Anna gibt sich die Schuld dafür. Sie ist ein wenig wütend und schämt sich, aber sie liebt ihn ja noch weil er so achverdammt heiss ist und in der Liebe gibt es keine Vernunft. Das sind ihre Worte, nicht meine! Kein Scheiss, das steht wirklich so im Buch! E-Book Seite 227! Und was tut die liebe kleine Anna, nachdem sie vergewaltigt wurde?

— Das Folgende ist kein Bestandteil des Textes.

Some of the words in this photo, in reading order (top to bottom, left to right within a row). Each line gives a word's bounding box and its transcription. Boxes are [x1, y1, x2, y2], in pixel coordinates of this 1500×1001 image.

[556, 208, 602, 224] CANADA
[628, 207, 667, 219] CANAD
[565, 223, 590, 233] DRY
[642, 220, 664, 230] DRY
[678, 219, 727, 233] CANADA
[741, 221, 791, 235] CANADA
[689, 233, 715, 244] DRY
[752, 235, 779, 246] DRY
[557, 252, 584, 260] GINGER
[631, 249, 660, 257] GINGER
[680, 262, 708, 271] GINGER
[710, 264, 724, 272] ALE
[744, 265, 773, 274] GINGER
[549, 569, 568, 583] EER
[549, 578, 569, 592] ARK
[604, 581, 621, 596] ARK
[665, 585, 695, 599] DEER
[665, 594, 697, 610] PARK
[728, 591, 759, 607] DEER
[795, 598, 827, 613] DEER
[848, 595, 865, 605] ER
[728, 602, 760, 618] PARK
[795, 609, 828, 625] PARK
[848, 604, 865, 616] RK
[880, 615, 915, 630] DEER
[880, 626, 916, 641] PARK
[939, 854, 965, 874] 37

SIE LIEBT IHN NOCH MEHR UND VERZEIHT IHM UND SICH SELBST UND ALLES IST FRIEDE FREUDE EIERKUCHEN.

3. SEINE TRAGISCHE VERGANGENHEIT

Natürlich ist die Vergewaltigung am Anfang ein Schock und ekelhaft zu lesen, aber nur Seiten später erfährt man von der schweren Kindheit, die Abel durchleiden musste. Der Arme. Sein Leben ist immer noch brutal und erbarmungslos. Er wollte sie doch gar nicht vergewaltigen. Seine Worte, nicht meine. Also ist die Vergewaltigung im Grunde genommen gar nicht so schlimm, ich meine hey, schwere Kindheit und so. Und zudem macht er das alles nur, um seine kleine Schwester Micha zu beschützen!

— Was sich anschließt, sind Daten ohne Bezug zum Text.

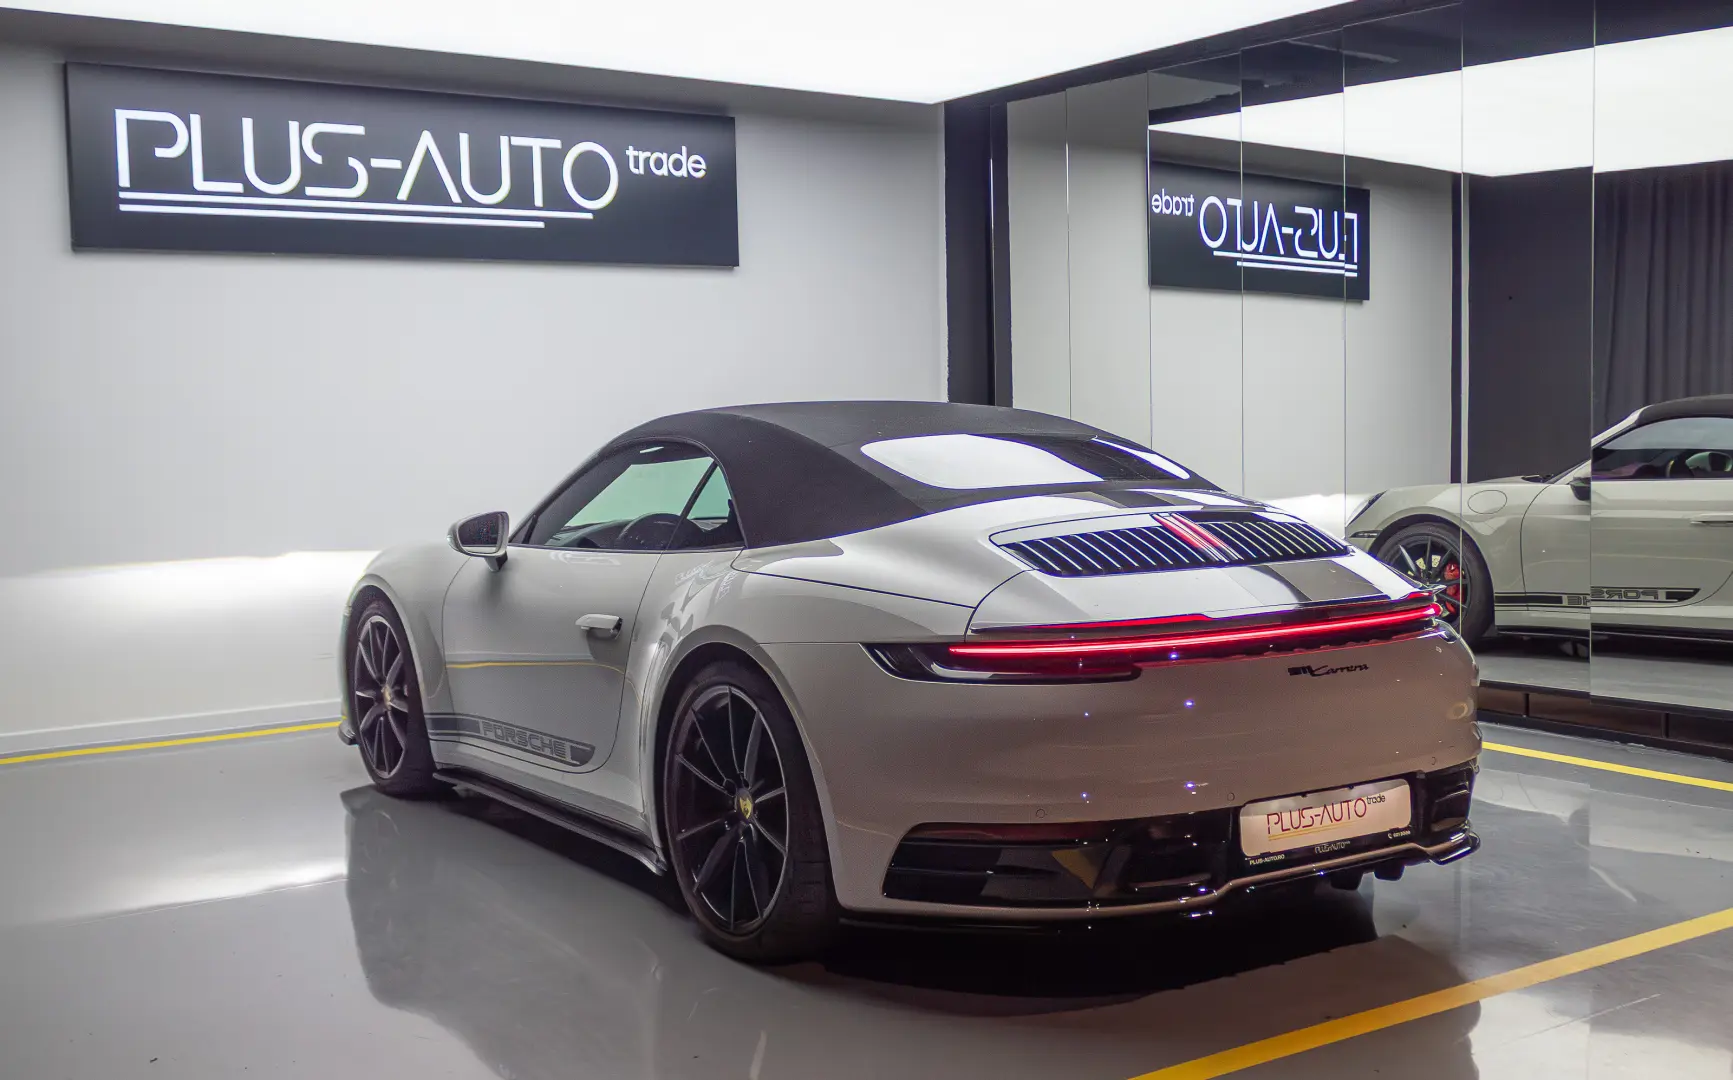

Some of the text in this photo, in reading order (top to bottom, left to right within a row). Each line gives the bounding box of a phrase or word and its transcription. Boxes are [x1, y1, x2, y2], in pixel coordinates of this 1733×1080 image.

[114, 108, 707, 211] PLUS-AUTO trade
[482, 721, 566, 759] PORSCHE
[1266, 795, 1386, 834] PLUS-AUTO trade

Nochmals zum Mitschreiben: Es gibt verdammt viele Menschen da draussen die eine verdammt scheiss Kindheit hatten und die rennen auch nicht durch die Gegend und vergewaltigen Menschen! Natürlich gibt es eine Menge Vergewaltiger und Mörder, aber wenn jeder mit einer scheiss Kindheit so herum rennen würde, glaubt mir, wir lägen bereits unter der Erde begraben. Eine tragische Kindheit ist keine Entschuldigung für seine jetzigen Taten. Nichts rechtfertigt so eine Tat.

4. DIE AUFDECKUNG DER MORDE

Im Märchen gibt es einen Fragenden und einen Antwortenden. Man muss kein Genie sein um festzustellen, auf welche Fragen der Antwortende antwortet. Dann kommt der verdammt vorhersehbare Moment und es wird klar: Abel wars! Der Typ ist nicht nur ein Vergewaltiger, sondern auch ein Mörder! Und was macht Anna! LIEBT IHN NOCH MEHR UND SPRINGT MIT IHM IN DIE KISTE! WIE ES JEDER VERNÜNFTIGE MENSCH AUF DIESEM PLANETEN TUN WÜRDE! LOGISCH!

5. DIE VERDAMMT IGNORANTEN NEBENCHARAKTEREN

Gitta und Bertil wissen Dinge von Abel, die Anna nicht weiss. Was tut eine beste Freundin in solch einer Situation? RICHTIG, SIE SCHWEIGT. Erst als es zu spät ist, greift sie dann irgendwie ein. Wenn du etwas von dem „Freund“ deiner besten Freundin weisst, dann sag es ihr. Sofort.
Annas Eltern sind ebenfalls kleine Lichtpunkte im Buch. ALSO WESHALB SPRICHT SIE IHRE ELTERN MIT MAGNUS ODER LINDA AN?!

6. DAS DRECKSVERDAMMTE ENDE

Nochmals zusammengefasst. Abel, der Mörder,  hat Anna vergewaltigt und sie verzeiht ihm natürlich aufgrund seiner schweren Kindheit. Daraufhin haben sie wunderschönen Blümchensex. Der liebe Abel pustet sich dann die Birne weg und für Anna geht eine Welt unter. Sie liebt ihn doch so sehr. Wirklich! Wahre Liebe!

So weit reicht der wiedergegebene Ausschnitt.